From plants and crustaceans to birds and mammals, species across the food chain in the United Kingdom are shifting how they respond to seasonal changes, and British researchers say climate change is a major reason why.

Stephen Thackeray, a lake ecologist at the Centre for Ecology & Hydrology in Lancaster, England, said not all species were responding to environmental changes in the same way. The predatory species at the top of the food chain were changing the timing of their seasonal activities more slowly in response to warmer temperatures than other organisms. This suggests that species lower down on the food chain will change their behavior more as temperatures continue to rise.

“It’s important to note that our projections are not saying absolutely that we will have widespread de-synchronization across all ecosystems. What we’re saying is this kind of effect is likely, at least in some systems and possibly over quite broad scales,” he said.

Thackeray was one of more than two dozen researchers who participated in a recent Nature study that analyzed how 800 species responded to increases in temperature and precipitation in the United Kingdom between 1960 and 2012.

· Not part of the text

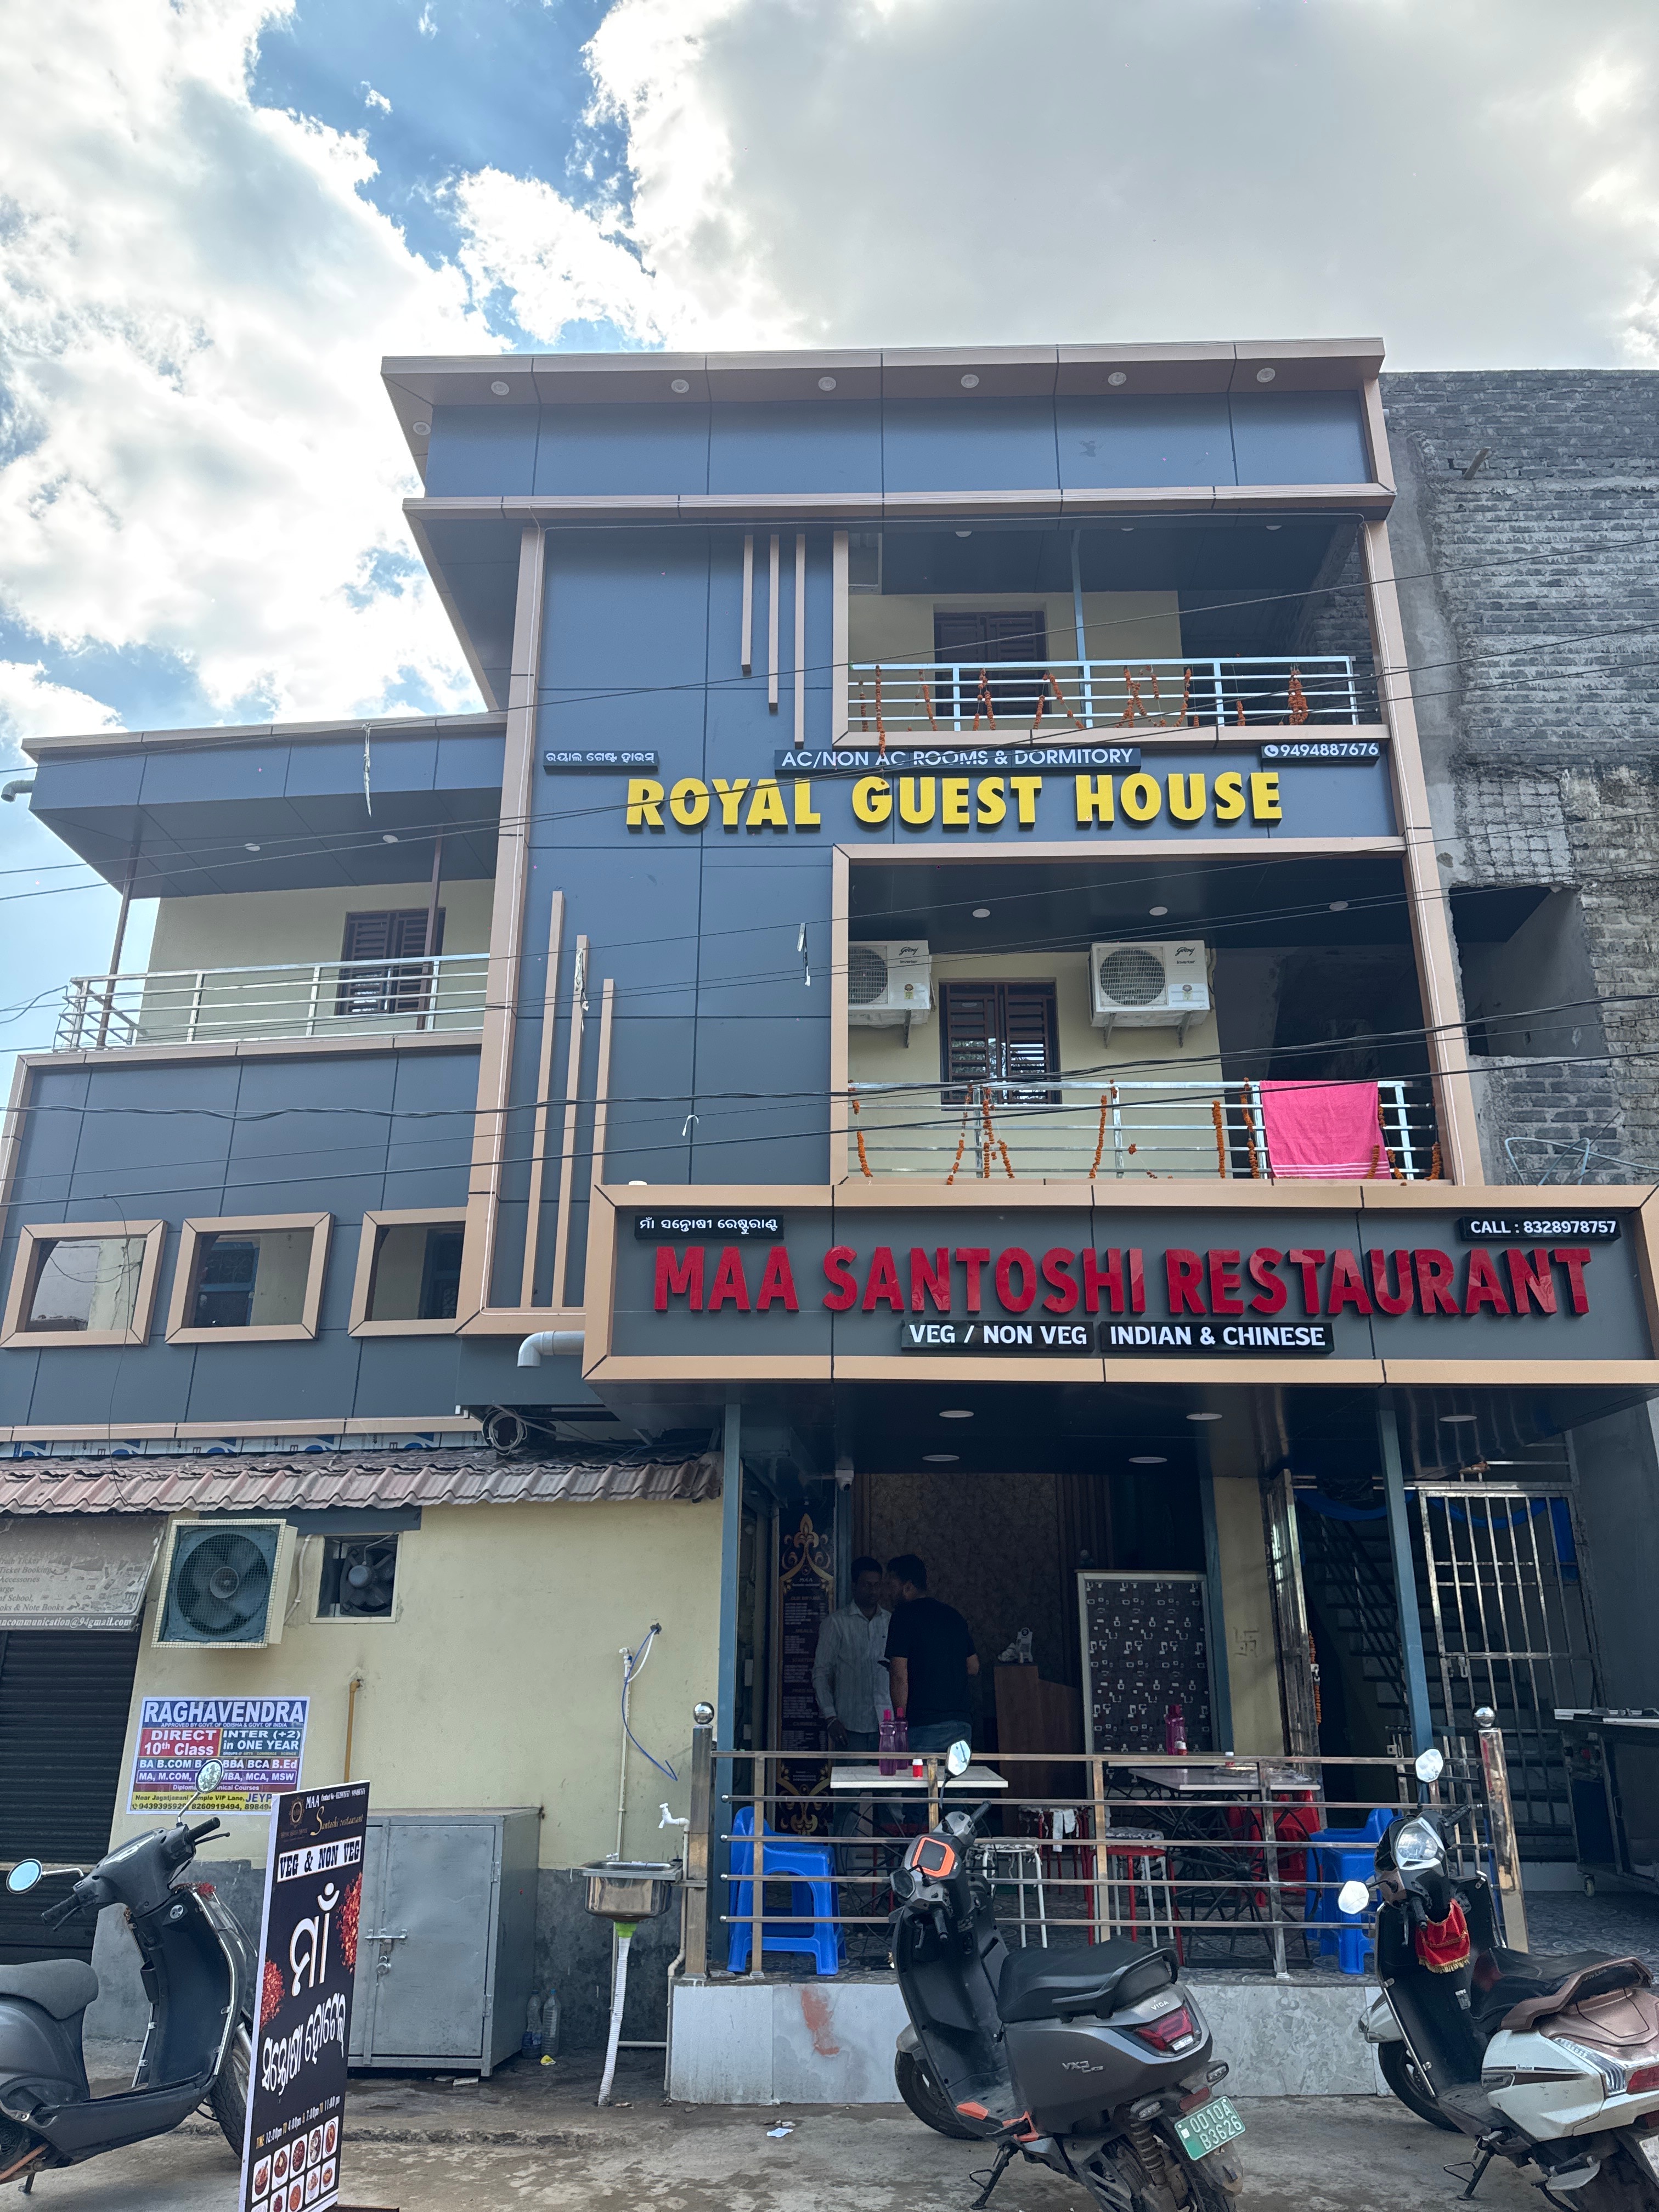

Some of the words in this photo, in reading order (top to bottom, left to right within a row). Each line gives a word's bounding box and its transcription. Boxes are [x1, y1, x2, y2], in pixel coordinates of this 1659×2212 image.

While previous research has explored how climate change throws species behavior and development patterns out of sync with each other, this was one of the first to take a broad national look at how those changes varied among species on different levels of the food chain.

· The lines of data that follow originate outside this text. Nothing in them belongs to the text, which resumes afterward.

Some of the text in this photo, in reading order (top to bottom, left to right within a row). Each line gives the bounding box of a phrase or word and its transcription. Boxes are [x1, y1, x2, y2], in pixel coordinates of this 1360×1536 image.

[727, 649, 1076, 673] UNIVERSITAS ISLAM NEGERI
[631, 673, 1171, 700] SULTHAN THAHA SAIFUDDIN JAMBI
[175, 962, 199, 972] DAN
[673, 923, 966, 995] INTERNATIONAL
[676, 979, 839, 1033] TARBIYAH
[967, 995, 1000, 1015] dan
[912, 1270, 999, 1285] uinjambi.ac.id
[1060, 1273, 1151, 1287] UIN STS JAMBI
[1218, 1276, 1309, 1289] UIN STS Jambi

The researchers also modeled how these species were likely to respond in the future. Based on past patterns, they predicted crustaceans, fish and insects would show greater seasonal changes than species like freshwater phytoplankton, birds and mammals.

“Species generally have been more sensitive to temperature change than they have been to precipitation change, and I suspect that is probably because the U.K. is a relatively wet country and maybe precipitation isn’t really a limiting factor for many of the species here,” Thackeray said.

The researchers’ findings did not mean that other species around the world would follow similar patterns. For example, precipitation could play a much greater role in species behavior in other countries.

The research confirmed findings from a number of other studies that had suggested climate change impacts on seasonal changes could effect the timing of interactions between species but stopped short of explaining what those changes would mean in practical terms for species’ survival.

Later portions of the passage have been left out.